Wuorinen wrote more than 270 pieces, including the operas Haroun and the Sea of Stories and Brokeback Mountain. He has been described as totally committed to twelve-tone composition, with Schoenberg, late Stravinsky, and Babbitt as primary influences. In later years, he called the term serialism "almost without meaning".

Much of Wuorinen's music is technically complex, requiring extreme virtuosity by the performer, including wide leaps, extreme dynamic contrasts, and rapid exchange of pitches. Fractals and the mathematical theories of Benoit Mandelbrot are also important aspects of his style, as can be seen in works such as Bamboula Squared and the Natural Fantasy for organ.

== Writings and lectures ==
Wuorinen wrote the book Simple Composition. He described it as

written by a composer and ... addressed to other composers — intending or actual, amateur or professional. Thus it is similar in intent to certain older books on the subject like Thomas Morley's A Plain and Easie Introduction to Practical Musicke (1597), for instance.... It outlines present practice, and while it can be used for purely didactic purposes, it can also be employed in composing "real" music.

Wuorinen lectured at universities in the United States and abroad, and served on the faculties of Columbia, Princeton, and Yale universities, the University of Iowa, the University of California-San Diego, the Manhattan School of Music, the New England Conservatory, the State University of New York at Buffalo, and Rutgers University. He wrote the introduction to Joan Peyser's To Boulez and Beyond.

== Influence and legacy ==
Wuorinen's works have influenced a number of other composers. Robert Black cited him as a particular influence on his style. Black also recorded Wuorinen's New York Notes. Jazz trumpeter Dave Douglas wrote, "Around 1992 I found Charles Wuorinen’s book Simple Composition in the Brooklyn Public Library. I thought, 'At last! My problems are over!' Little did I know, they were just beginning... The book had a profound effect on me and spurred a whole new approach to composing for improvising small groups."

In 2019, Perspectives of New Music published a Festschrift, Charles Wuorinen: A Celebration at 80, comprising analytical articles and compositions written for the occasion by Wuorinen's friends and colleagues. The issue (Volume 56, Number 2, Summer 2018) was followed by an 80th birthday celebration at the Eastman School of Music that featured a master class, a symposium, and concerts of his music as well as works dedicated to him.

== Criticism ==
Wuorinen was criticized as intolerant and hostile in his writings toward people with differing views on music. In 1963, he wrote in Perspectives on New Music, "I must unequivocally state that pitch serialization is no longer an issue", and that young composers should be "acting out the implications of the older generation's work". For Richard Taruskin, such statements imply a totalitarian view that only twelve-tone composers are to be regarded as composers. Taruskin has described similar statements as "fantasies of infantile omnipotence".

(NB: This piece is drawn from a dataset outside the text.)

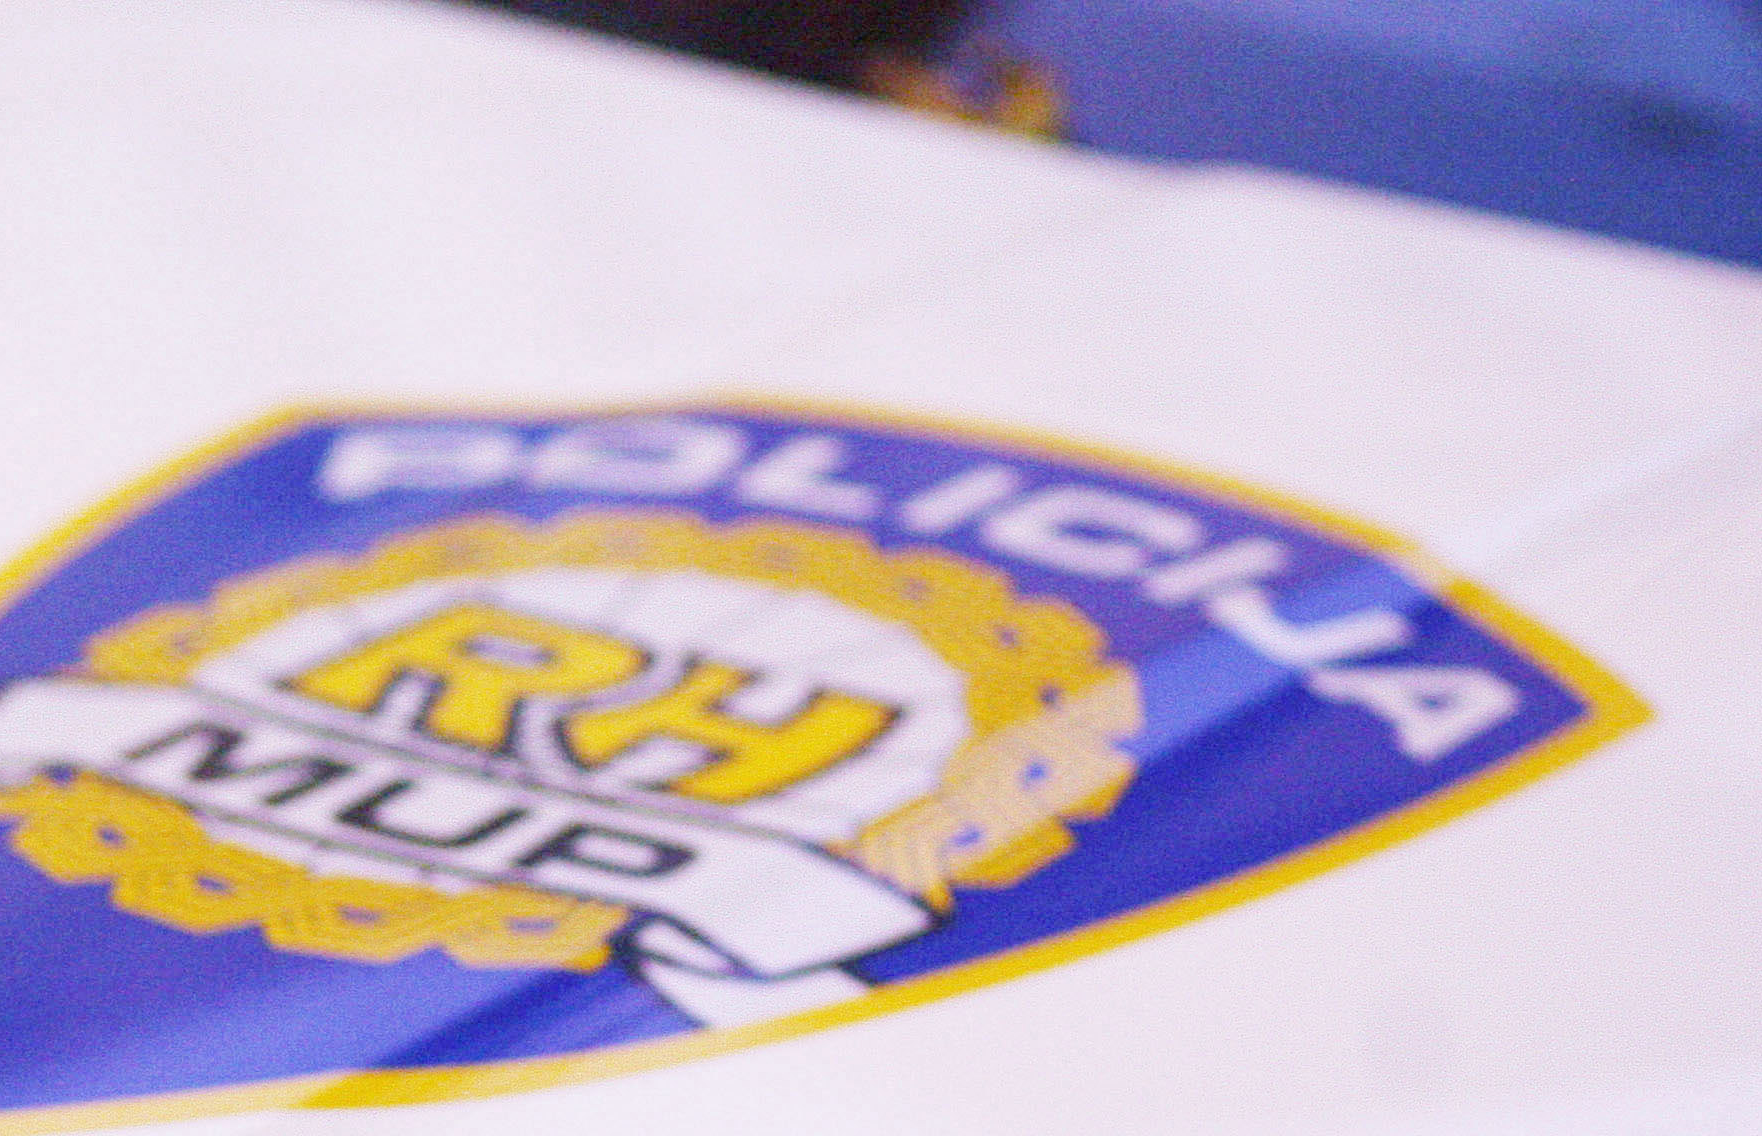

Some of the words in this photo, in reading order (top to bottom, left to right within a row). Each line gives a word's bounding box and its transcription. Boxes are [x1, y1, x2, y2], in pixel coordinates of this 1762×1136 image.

In 1971, the Columbia University music faculty denied Wuorinen tenure, which he attributed to "hostility to the present, and those who advocate it in music". Others have attributed the decision to Wuorinen's intolerant and arrogant attitude.

The opening paragraph of Simple Composition has been controversial. Taruskin describes it as another example of Wuorinen's contempt for music outside the 12-tone system.

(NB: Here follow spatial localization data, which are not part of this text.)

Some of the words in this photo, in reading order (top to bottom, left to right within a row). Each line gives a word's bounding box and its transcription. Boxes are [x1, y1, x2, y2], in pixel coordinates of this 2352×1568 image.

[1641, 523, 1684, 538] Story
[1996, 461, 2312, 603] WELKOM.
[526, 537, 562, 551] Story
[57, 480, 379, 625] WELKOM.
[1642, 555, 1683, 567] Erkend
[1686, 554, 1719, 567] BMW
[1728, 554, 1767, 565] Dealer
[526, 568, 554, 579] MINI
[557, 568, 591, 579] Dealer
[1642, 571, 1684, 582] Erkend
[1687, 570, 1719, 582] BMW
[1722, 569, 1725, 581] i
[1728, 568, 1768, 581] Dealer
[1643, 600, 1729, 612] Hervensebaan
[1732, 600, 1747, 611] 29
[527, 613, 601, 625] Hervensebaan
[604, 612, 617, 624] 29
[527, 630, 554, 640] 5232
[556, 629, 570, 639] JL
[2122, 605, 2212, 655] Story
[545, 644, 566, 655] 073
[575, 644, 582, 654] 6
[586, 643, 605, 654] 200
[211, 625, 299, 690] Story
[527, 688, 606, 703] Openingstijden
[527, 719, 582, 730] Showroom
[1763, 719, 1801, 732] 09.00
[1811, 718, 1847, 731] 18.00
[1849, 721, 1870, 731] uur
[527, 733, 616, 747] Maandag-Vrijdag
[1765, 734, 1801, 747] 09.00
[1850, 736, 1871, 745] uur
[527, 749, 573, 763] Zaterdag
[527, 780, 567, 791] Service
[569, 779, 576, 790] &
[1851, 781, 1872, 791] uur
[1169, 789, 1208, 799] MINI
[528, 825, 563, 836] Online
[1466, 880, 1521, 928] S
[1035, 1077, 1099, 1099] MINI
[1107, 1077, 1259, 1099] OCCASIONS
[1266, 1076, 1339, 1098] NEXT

While the tonal system, in an atrophied or vestigial form, is still used today in popular and commercial music, and even occasionally in the works of backward-looking serious composers, it is no longer employed by serious composers of the mainstream. It has been replaced or succeeded by the 12-tone system
— Charles Wuorinen, Simple Composition (1978), opening paragraph

In a 1988 interview, Wuorinen said, "I feel what I do is right [...] pluralism has gone too far", and criticized views on which "the response of the untutored becomes the sole criterion for judgment". Rather, he suggested, "I would try to change the present relationship of the composer to the public from one in which the composer says: 'please, judge me,' to one in which I say: 'I have something to show you and offer my leadership.'"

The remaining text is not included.